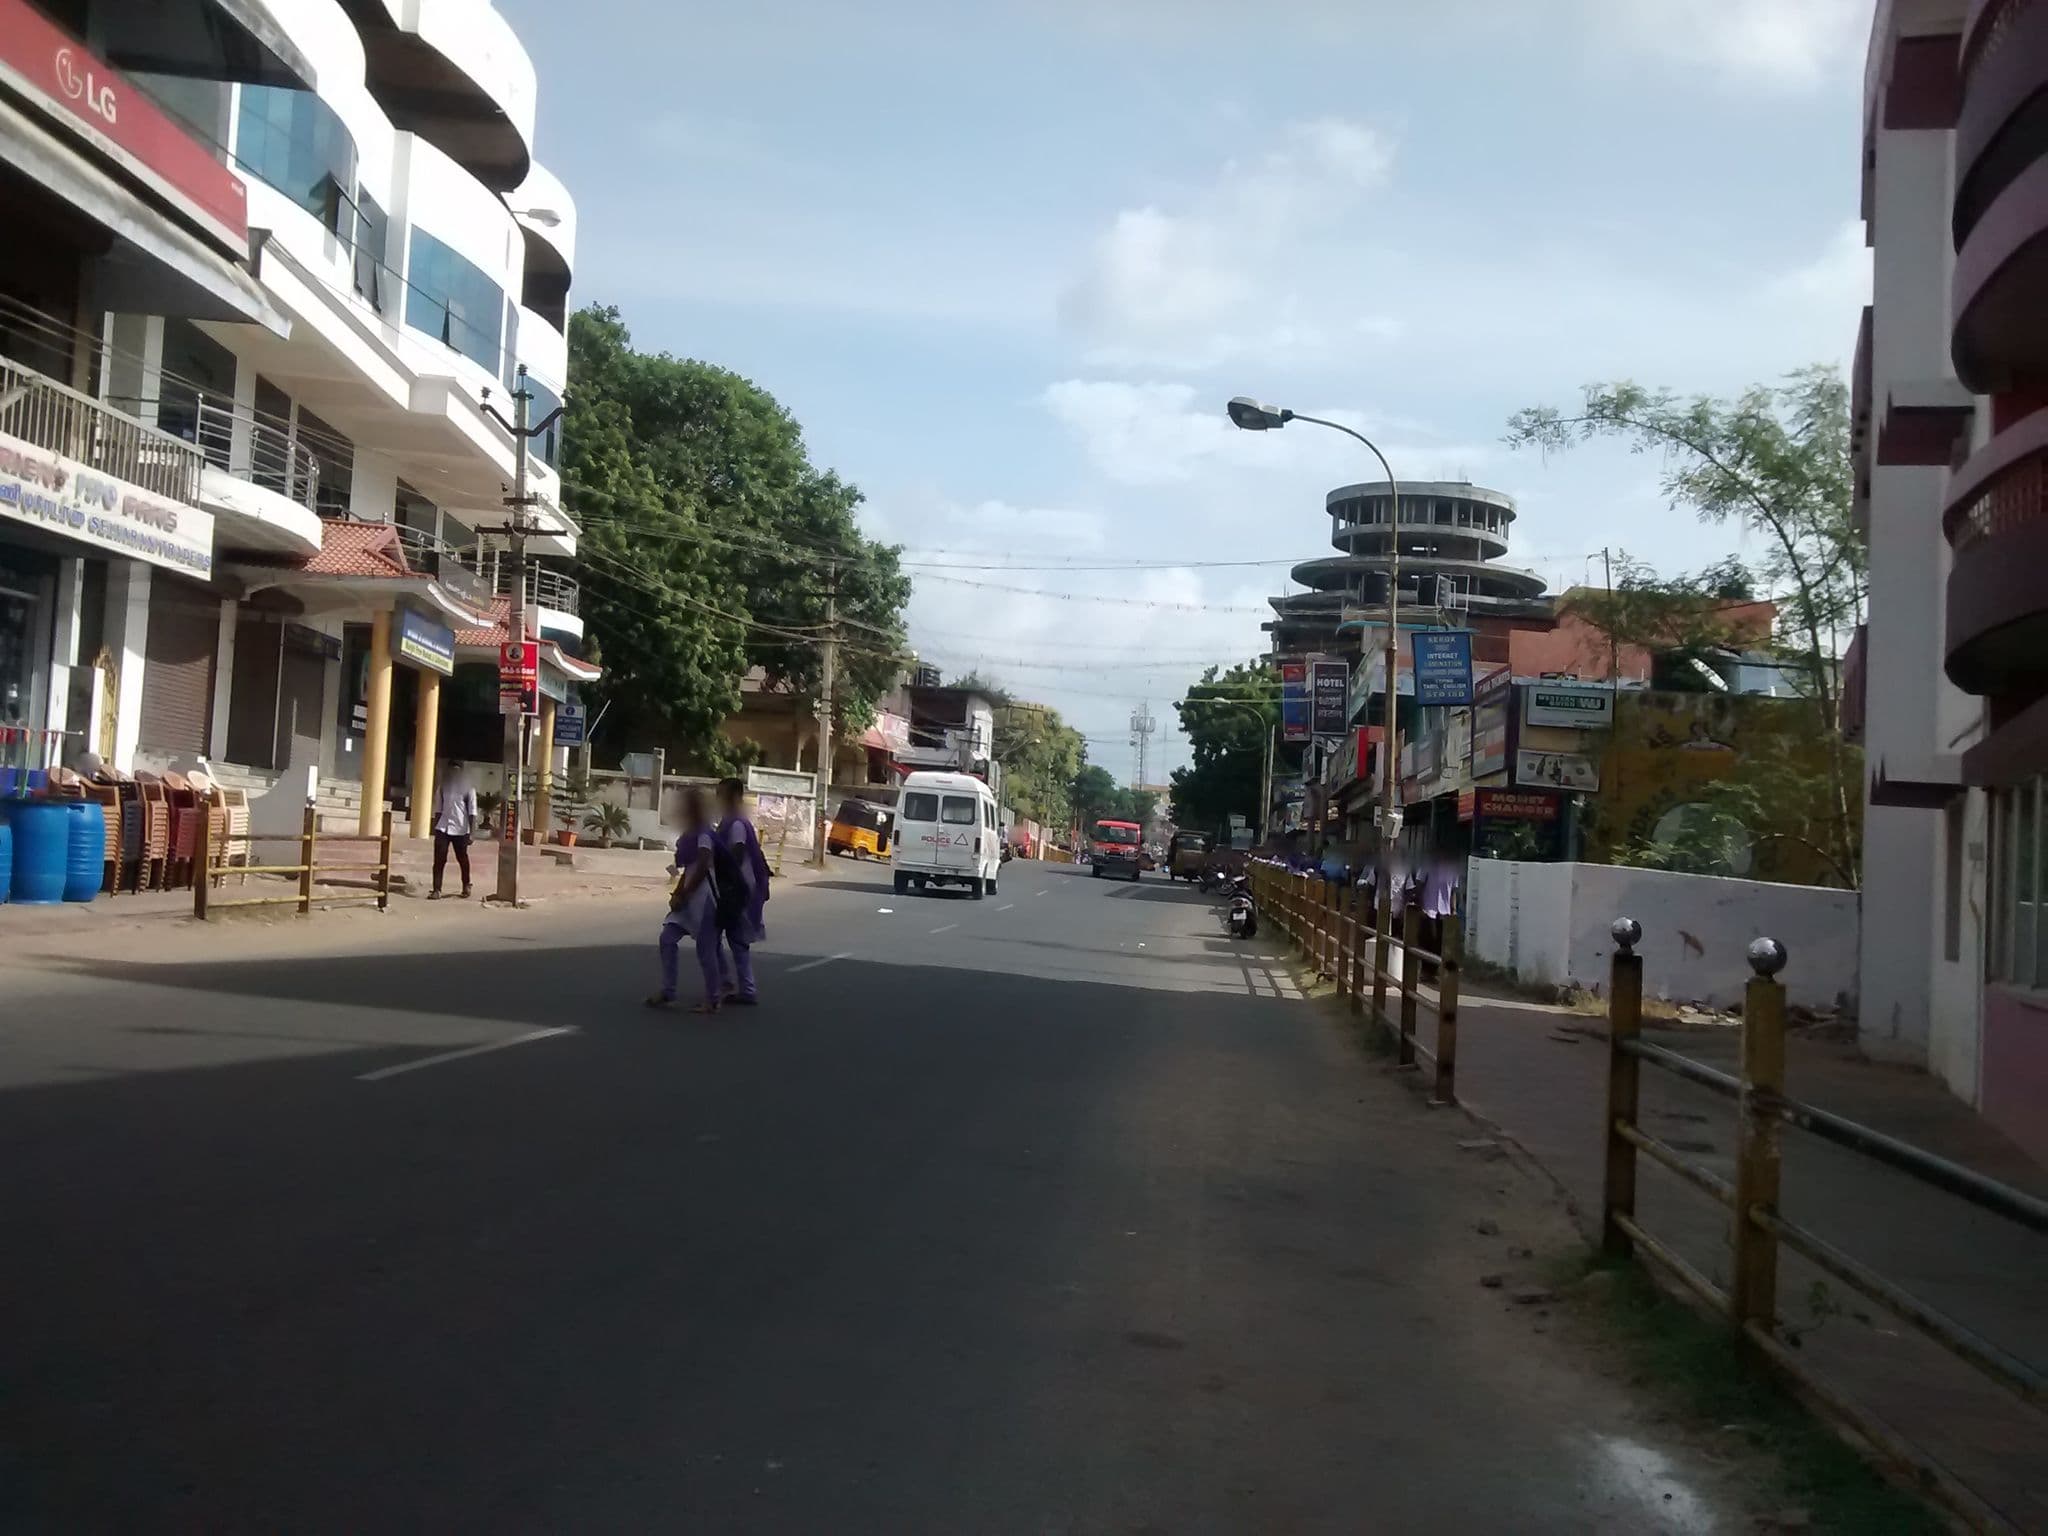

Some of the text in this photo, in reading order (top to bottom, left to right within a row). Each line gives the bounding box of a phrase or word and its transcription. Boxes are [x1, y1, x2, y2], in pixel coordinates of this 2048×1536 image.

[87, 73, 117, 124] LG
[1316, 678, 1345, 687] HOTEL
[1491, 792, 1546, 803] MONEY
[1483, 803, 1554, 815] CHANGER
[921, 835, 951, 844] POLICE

Required work —
Copy the whole listing exactly, excluding the pictures in it.

Response to the exercise —
Some of the text in this photo, in reading order (top to bottom, left to right within a row). Each line gives the bounding box of a phrase or word and its transcription. Boxes are [x1, y1, x2, y2], in pixel coordinates of this 2048×1536 image.

[87, 73, 117, 124] LG
[1316, 678, 1345, 687] HOTEL
[1491, 792, 1546, 803] MONEY
[1483, 803, 1554, 815] CHANGER
[921, 835, 951, 844] POLICE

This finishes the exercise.